Institute of Health Policy, Management and Evaluation, Dalla Lana School of Public Health, University of Toronto, Toronto, Ontario, Canada
Institute of Health Policy, Management and Evaluation, Dalla Lana School of Public Health, University of Toronto, Toronto, Ontario, Canada.
BMJ Open. 2021 Jul 12;11(7):e048250. doi: 10.1136/bmjopen-2020-048250.
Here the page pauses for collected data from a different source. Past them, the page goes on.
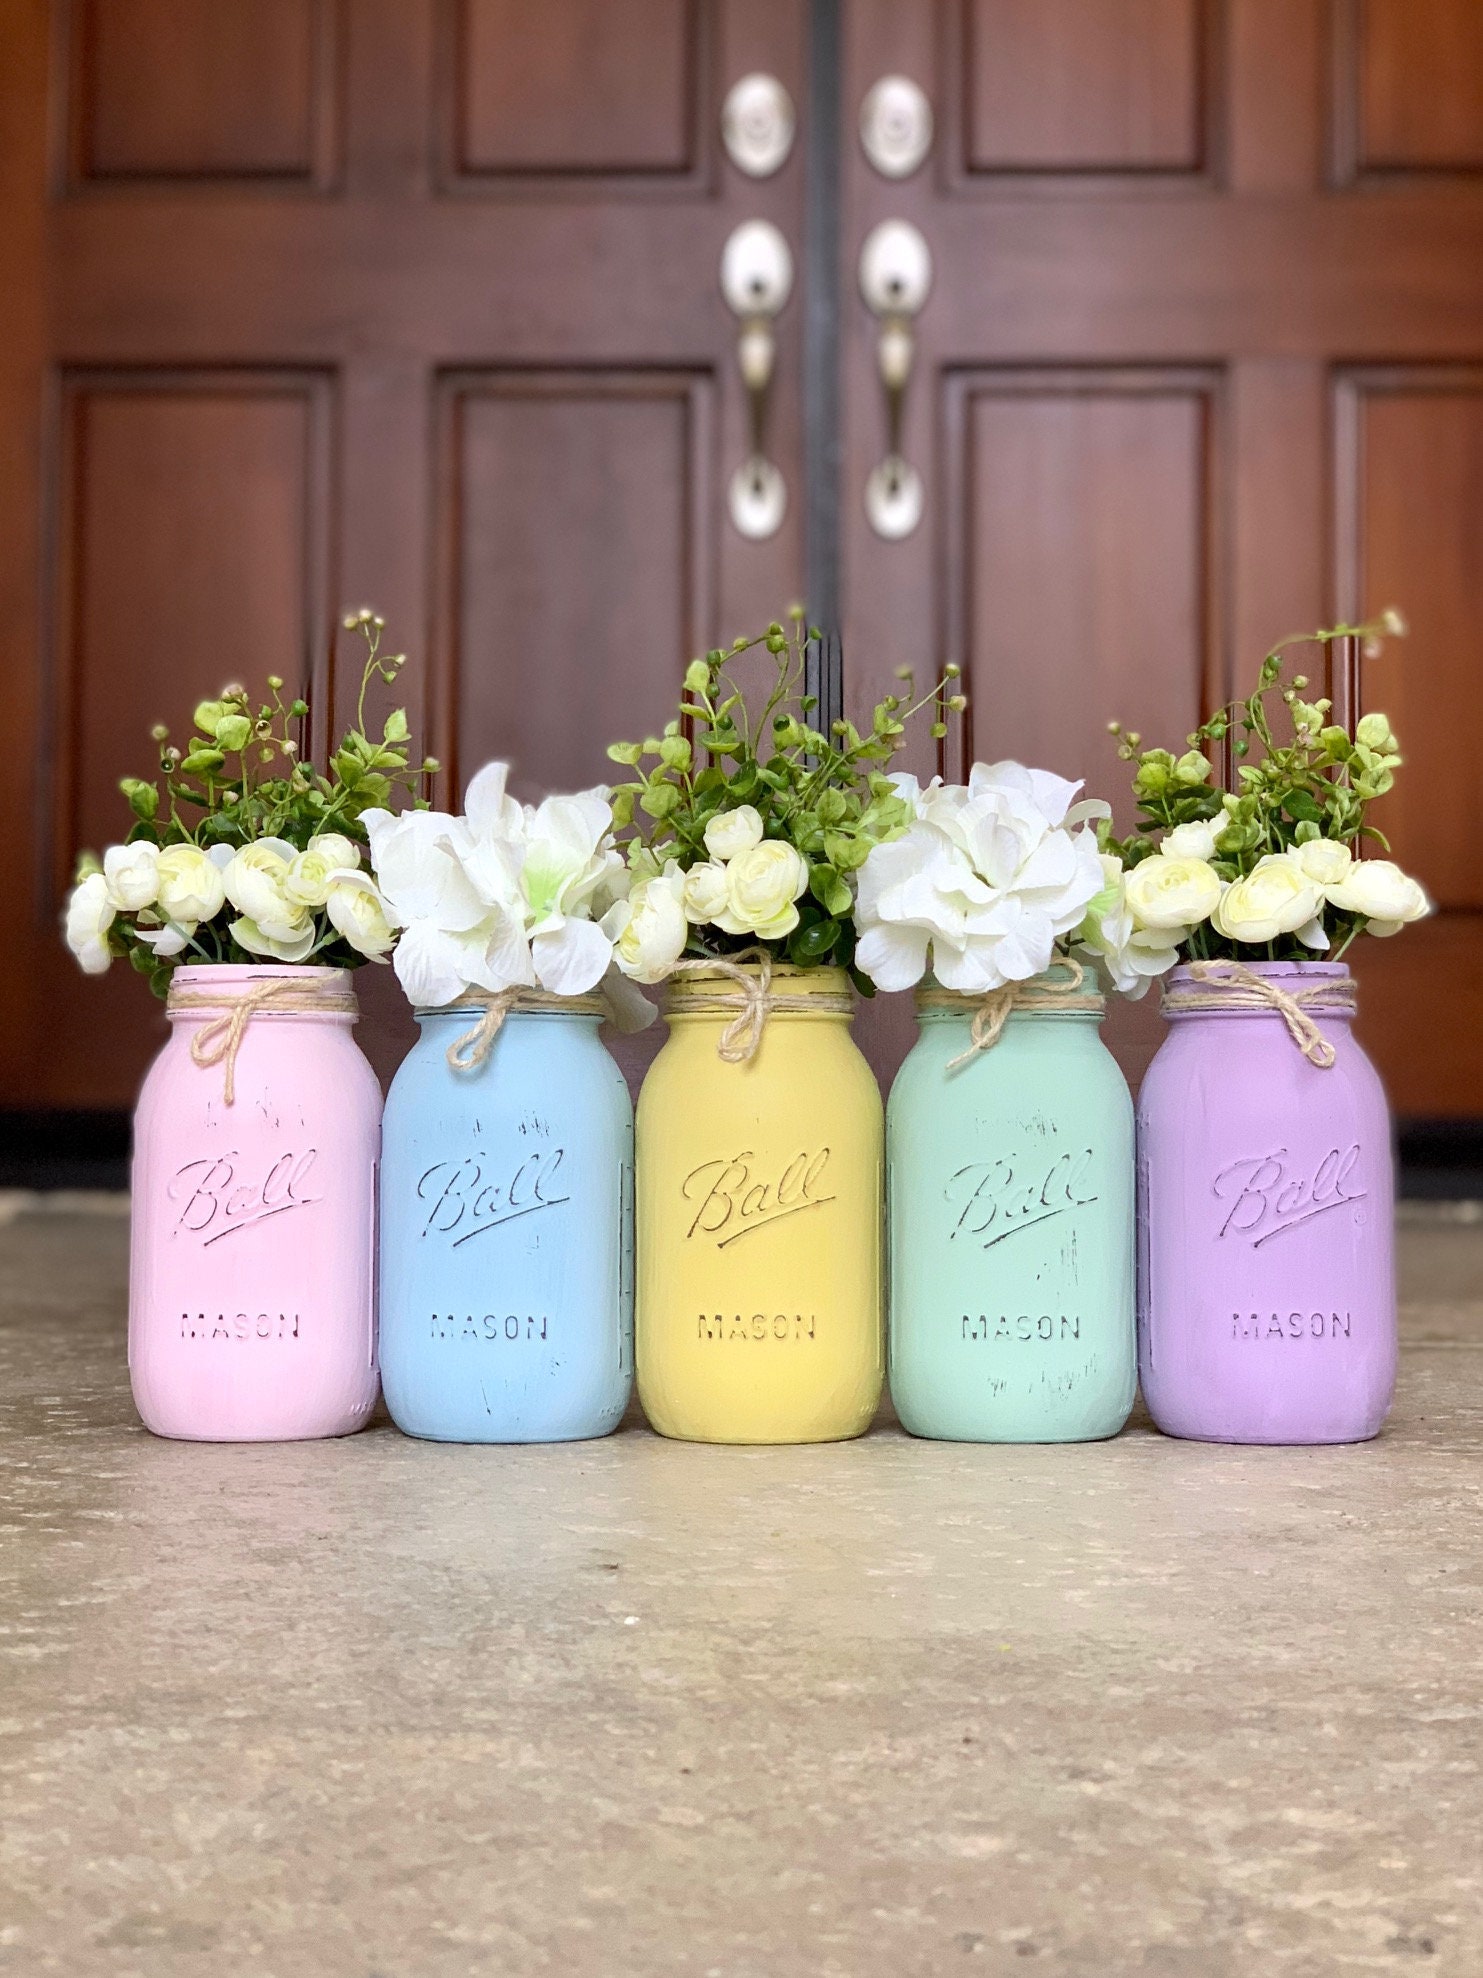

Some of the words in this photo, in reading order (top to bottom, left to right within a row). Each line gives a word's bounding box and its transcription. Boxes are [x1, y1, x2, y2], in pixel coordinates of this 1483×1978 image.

[166, 1147, 319, 1247] Ball
[416, 1147, 571, 1247] Ball
[682, 1146, 837, 1248] Ball
[944, 1148, 1099, 1249] Ball
[1212, 1144, 1368, 1248] Ball
[180, 1312, 300, 1339] MASON
[430, 1312, 549, 1340] MASON
[697, 1313, 817, 1340] MASON
[961, 1314, 1081, 1340] MASON
[1231, 1312, 1352, 1338] MASON
Canadians are living longer, many with multiple chronic conditions. This population of older, frail Canadians continues to grow in size as do concurrent demands for community-based, outpatient and ambulatory models of care. Ideally, a multifaceted, proactive, planned and integrated care model includes ehealth. Although several factors are known to facilitate the implementation of ehealth in chronic disease management (CDM), for example, adequate support, usability, alignment of programme objectives, there is a growing body of inconclusive evidence on what is critical for implementation. We aim to achieve a fulsome understanding of factors critical to implementation by conducting a realist review-an approach suitable for understanding complex interventions. Our proposed review will identify factors critical to the implementation of ehealth in CDM (heart failure, chronic obstructive pulmonary disease, chronic kidney disease and/or diabetes (type 1 or 2)) without limitations to care setting, language, publication year or geography. Findings will be presented in configurations of contexts, mechanisms and outcomes (CMOs).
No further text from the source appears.